Various algorithms have been proposed to compress 3D meshes efficiently since the early 1990s. Early work however mostly concentrates on compressing single connected 3D models with smooth surface and small triangles. In most of today's large 3D engineering models there are a large number of small to medium sized connected components, each having up to a few hundred polygons on average. Often this type of models has a number of geometric features or components that are repeated in various positions, scales and orientations. Such models are called multi-connected. The components are compressed separately, causing a relatively inefficient compression. The compression performance can be greatly increased by removing the redundancy between different connected components. Various methods for automatically discovering repeating geometric features in large 3D engineering models are known. Their respective positions are defined by the 3D position of at least one reference point per component. However, one problem is how to encode the position of the respective reference points.

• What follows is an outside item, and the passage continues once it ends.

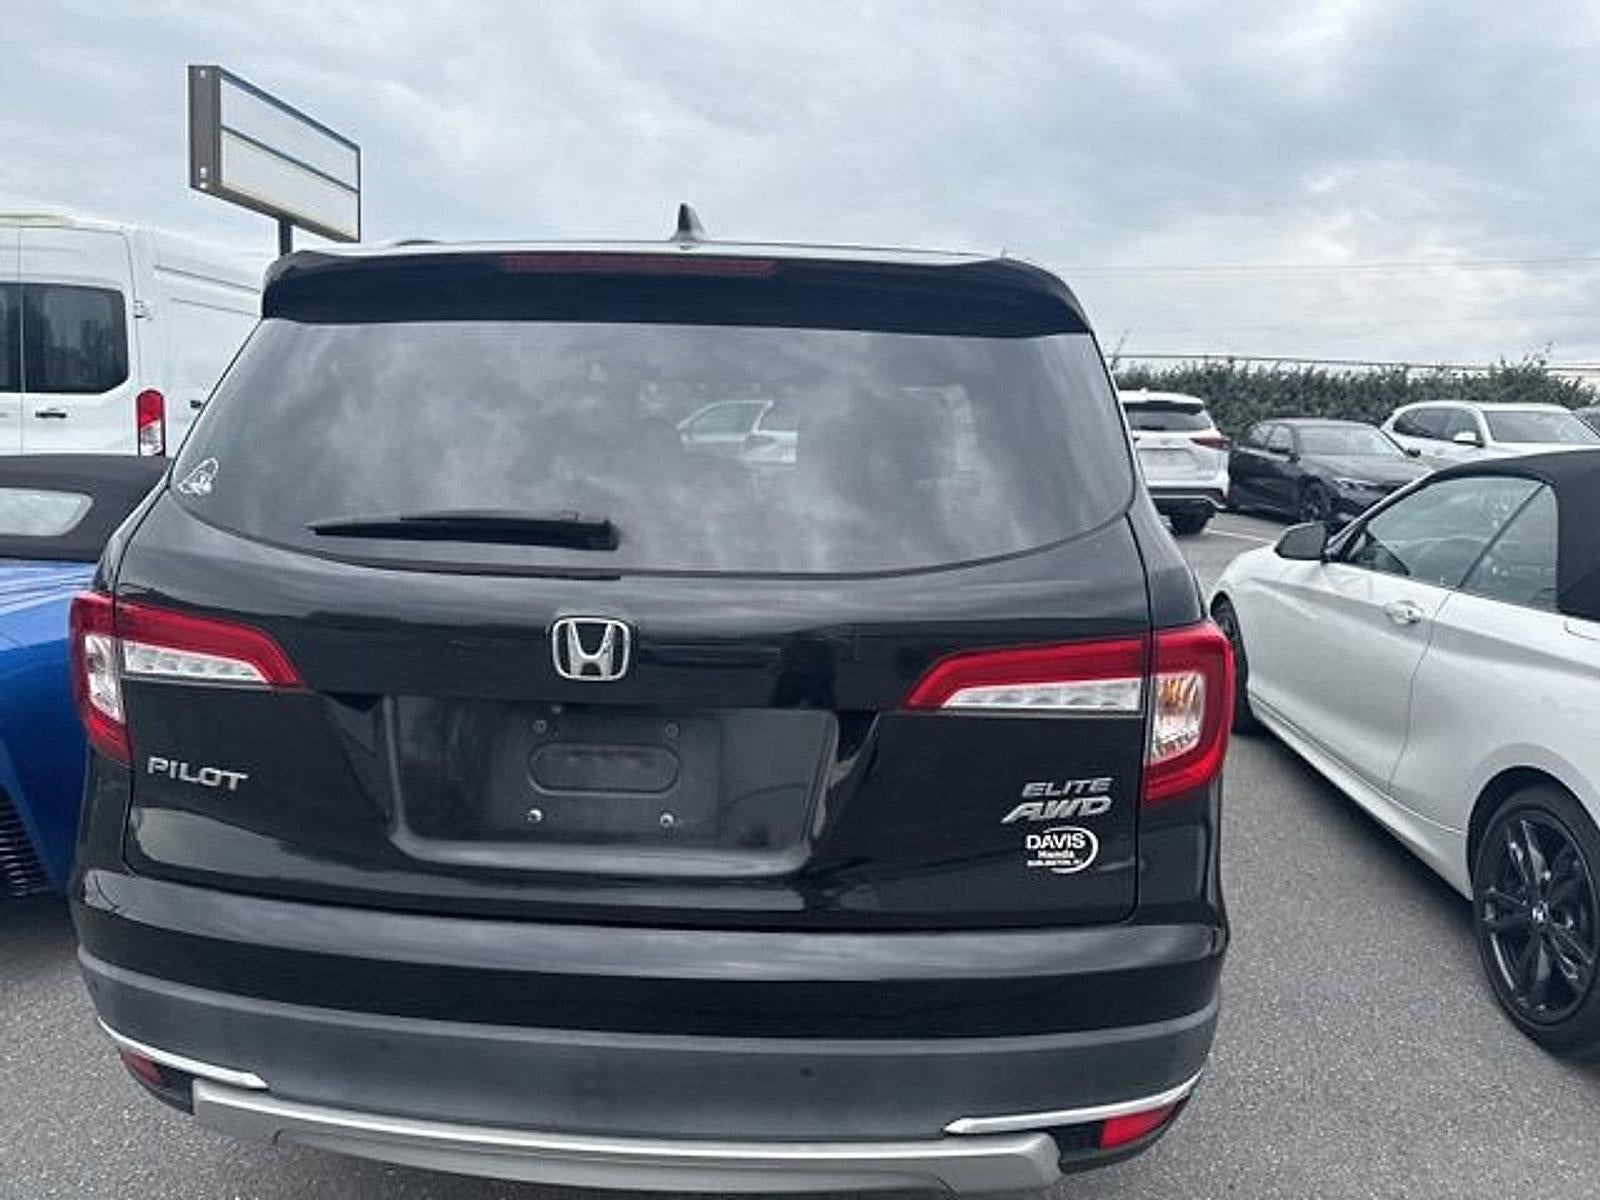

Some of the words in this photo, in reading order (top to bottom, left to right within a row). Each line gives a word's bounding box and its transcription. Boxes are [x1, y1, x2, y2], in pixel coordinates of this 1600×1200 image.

[147, 756, 248, 791] PILOT
[1022, 777, 1114, 797] ELITE
[1001, 796, 1112, 823] AWD
[1026, 832, 1086, 849] DAVIS

Most of the efficient compression algorithm for spatial points are spatial tree based, e.g. kd-tree based (as in [OG02]: “Geometric compression for interactive transmission” by O. Devillers, P. Gandoin, IEEE Visualization, 2000, pp. 319-326) or octree based (as in [PK05]: “Geometry-guided progressive lossless 3D mesh coding with octree (OT) decomposition” by J. L. Peng, C.-C. Jay Kuo, ACM SIGGRAPH/ACM Transactions on Graphics 24(3), 609-616, 2005).
These algorithms divide a given space into segments, and provide the number of input spatial points lying in each particular segment. Thus, they organize the input spatial points by an implicit spatial tree. Then they traverse the tree structure and record the necessary information for later restoring the input points. When building the spatial tree, a cell is recursively subdivided, until each non-empty cell is small enough to contain only one vertex and enable a sufficiently precise reconstruction of the point position.
Cells correspond to nodes. Initially, the entire bounding box of all 3D points is regarded as a cell or node. As the point positions can be restored from the bounding box of the corresponding cells, the spatial tree based algorithms can achieve multi-resolution compression at the same compression ratio as single-resolution compression algorithms.
An example of the method used in [OG02] is shown in FIG. 1. Each time when a parent cell is subdivided into two child cells, the number of points in one (e.g. left or upper) of the two child cells is encoded. If the parent cell contains p points, the number of points in one of the child cells can be encoded using log2 (p+1) bits with an arithmetic coder.
Different from that, [PK05] subdivides a non-empty cell into eight cells, and encodes only the indices of non-empty child-cells after each cell subdivision. In order to improve coding efficiency, [PK05] estimates the pseudo-probability of various T-tuples to be the group of non-empty child cells. The traversal orders of child cells are according to a probability descending order.
However, for enabling compact storage and fast transmission, it is a continuous problem how to increase the efficiency of compression algorithms.